President Donald Trump has stepped up his strong-arming of the Chinese-owned, TikTok, now indicating there's a new favored suitor he has in mind to buy social media giant. And wouldn’t you know it? It just so happens that the corporation in question, Oracle, has had deep ties to the Trump administration since day one.

During an event in Arizona on Tuesday, Trump said he thinks Oracle, the world’s second-largest software company, is “a great company”, and that it “would be certainly somebody that could handle it,” with “it” being the wholesale buying of TikTok from its Chinese parent company, ByteDance, after weeks of bizarre, potentially unconstitutional back-and-forth about the app's future.

Trump recently threatened to ban TikTok in America unless it separates itself from ByteDance by November 12, and is purchased by a US-based company. The move is unprecedented by a President, but at this point, everything is unprecedented, especially when it comes to the current commander-in-chief.

Until now, Microsoft had been the only company that had expressed serious interest in purchasing TikTok, but Trump’s comments come not long after reports emerged indicating Oracle had engaged in its own, very preliminary, inquiries into an acquisition.

Oracle’s chief executive, Safra Catz, was a member of the Trump transition team. Meanwhile, the company’s co-founder and chairman, Larry Ellison, who is also one of the top 10 richest people on earth, hosted a Trump fundraiser earlier in the year. Oracle is seen as one of the few Big Tech companies that explicitly supports the President, though Facebook's Mark Zuckerberg is going to have to try harder if he's going to convince anyone he's as bipartisan as he's like them to believe.

A history of friendly relations— The President has a history of playing favorites with supportive corporations, including Oracle, which vocally denounced the Defense Department’s cloud computing bidding process that, while initially favoring Amazon, settled on a $10 billion deal with Microsoft, instead. Many critics saw this move as a slight against Amazon CEO, Jeff Bezos, who owns the Washington Post, which Trump has groused about for what he deems “biased” coverage for years.

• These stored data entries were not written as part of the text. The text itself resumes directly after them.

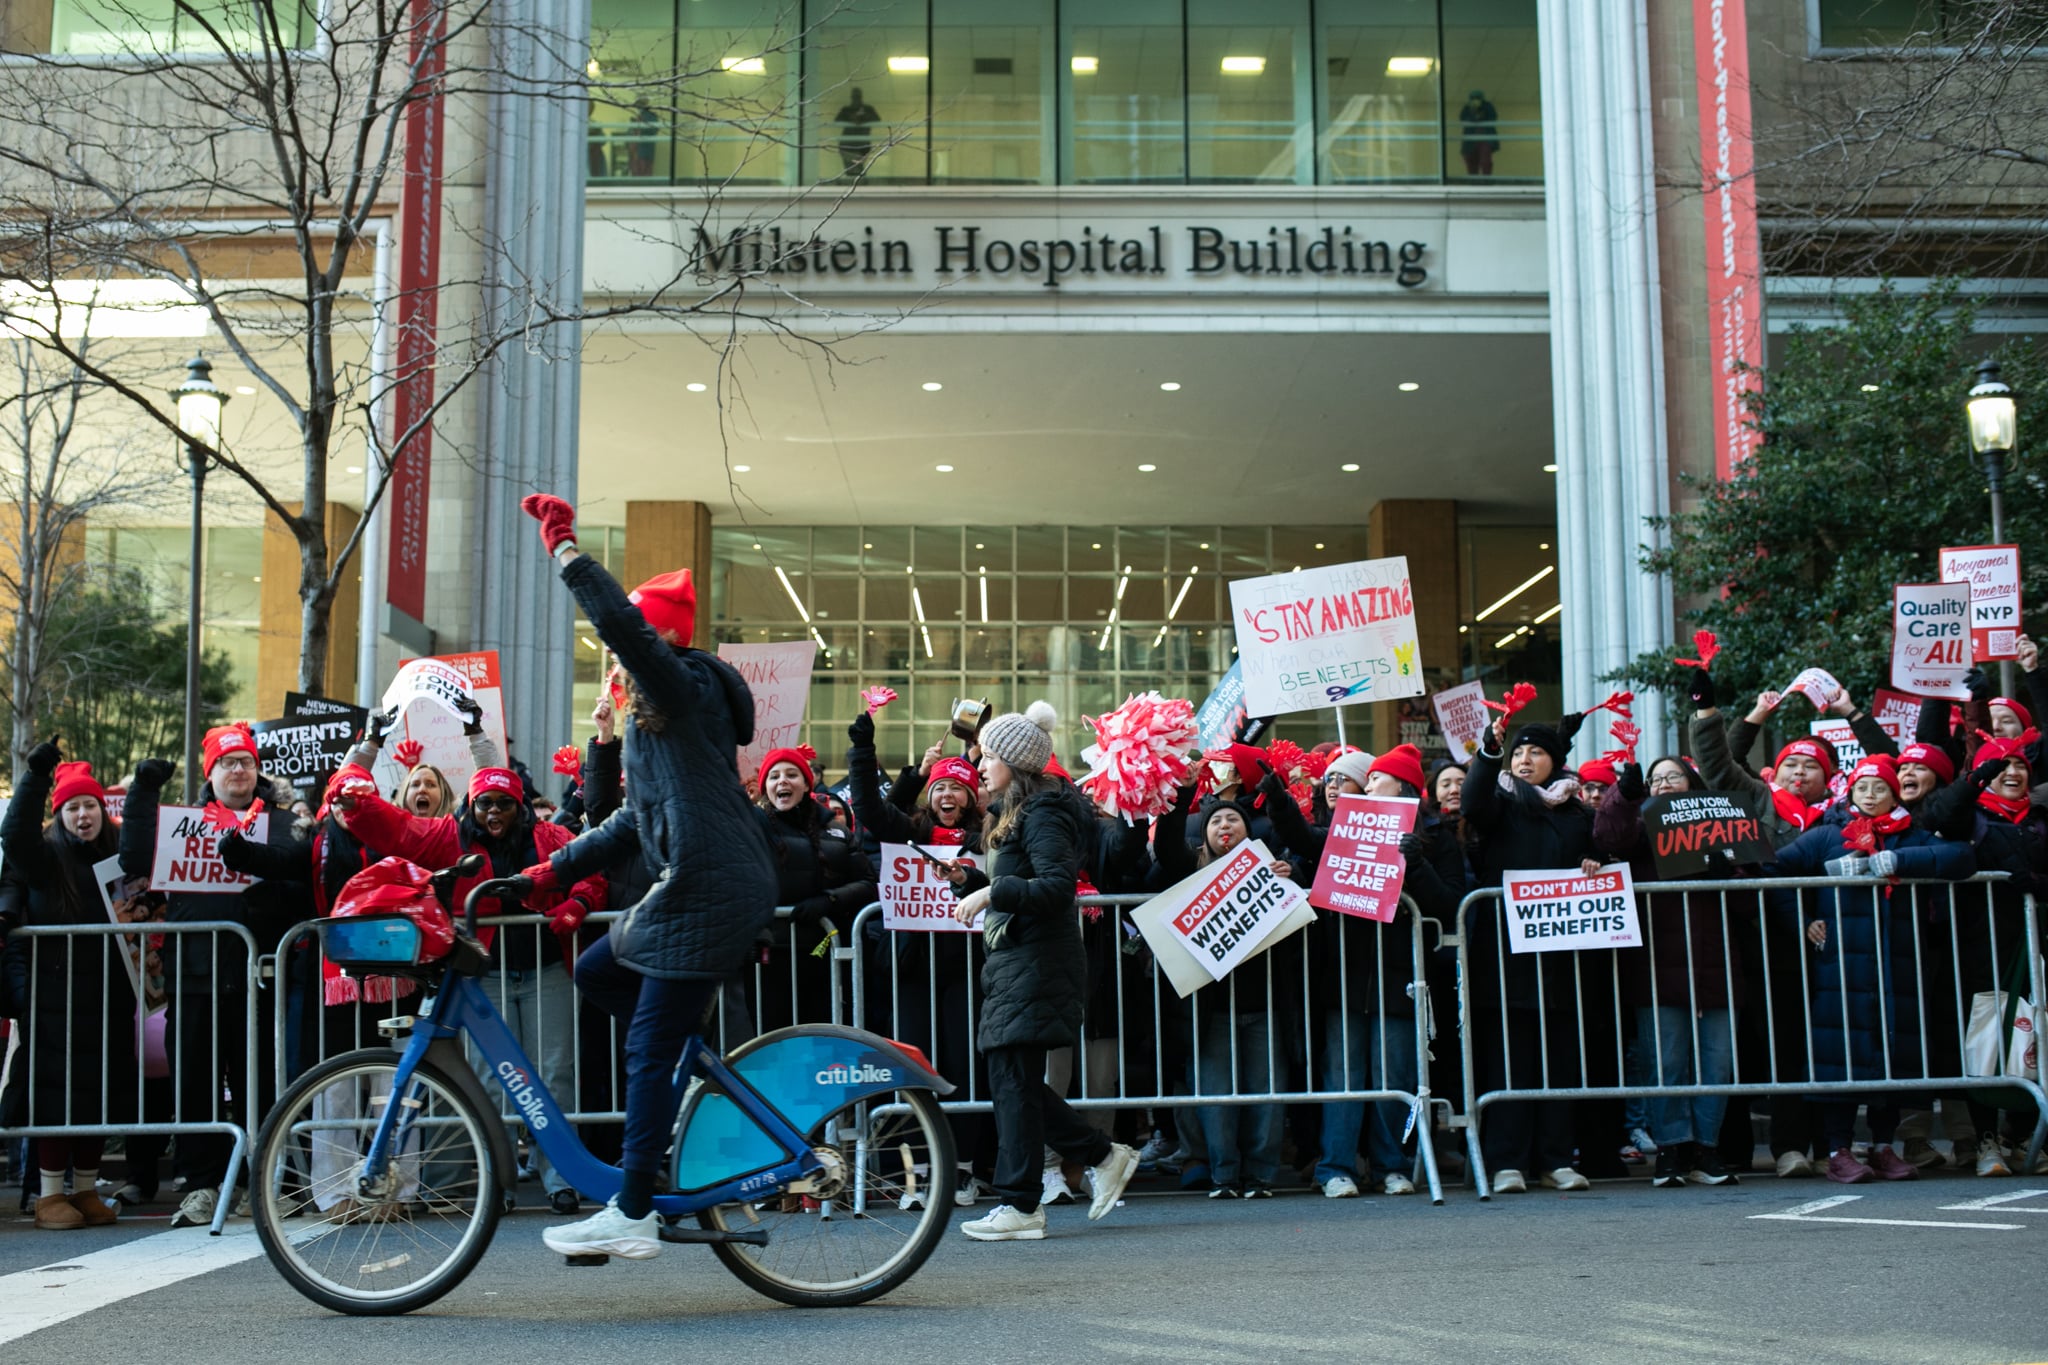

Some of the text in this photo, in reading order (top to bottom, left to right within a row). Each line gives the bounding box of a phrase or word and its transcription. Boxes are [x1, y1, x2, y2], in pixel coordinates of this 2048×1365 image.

[690, 226, 1428, 288] Milstein Hospital Building
[400, 483, 414, 573] Center
[1946, 554, 2009, 577] Apoyamos
[1329, 567, 1378, 593] HARD
[1377, 563, 1404, 584] TO
[1900, 598, 1967, 616] Quality
[1976, 606, 2013, 621] NYP
[1908, 620, 1961, 637] Care
[1904, 643, 1926, 656] for
[1924, 640, 1963, 664] All
[1279, 657, 1392, 691] BENEFITS
[306, 699, 327, 711] NEW
[1201, 675, 1239, 725] NEW YORK
[1273, 691, 1323, 712] ARE
[1441, 692, 1479, 712] HOSPITAL
[1444, 710, 1484, 730] LITERALLY
[1450, 725, 1471, 738] MAKE
[256, 721, 351, 749] PATIENTS
[276, 741, 322, 759] OVER
[261, 752, 345, 776] PROFITS
[1670, 797, 1731, 811] NEW YORK
[1347, 810, 1401, 829] MORE
[1661, 807, 1746, 825] PRESBYTERIAN
[1657, 818, 1759, 856] UNFAIR!
[1326, 854, 1399, 879] BETTER
[1181, 855, 1253, 929] DON'T MESS
[1333, 870, 1386, 892] CARE
[1519, 876, 1616, 897] DON'T MESS
[1190, 900, 1238, 949] WITH
[1236, 866, 1274, 904] OUR
[1516, 896, 1626, 920] WITH OUR
[1209, 882, 1285, 962] BENEFITS
[1524, 915, 1625, 939] BENEFITS
[815, 1064, 893, 1085] citi bike
[498, 1061, 548, 1130] citi bike

Still, it remains unclear whether Oracle really has any real skin in the game when it comes to negotiations with ByteDance. The company has no experience in social media and would have to work hard not to run TikTok into the ground even more effectively than Microsoft, which with Skype has already convincingly demonstrated its aptitude at taking profitable companies and ruining them.

Frankly, suggesting Oracle buy TikTok is no more awful or strange than Trump choosing to back Triller over TikTok. Perhaps POTUS will endorse "Jesus Tok" next. It would certainly be on-brand.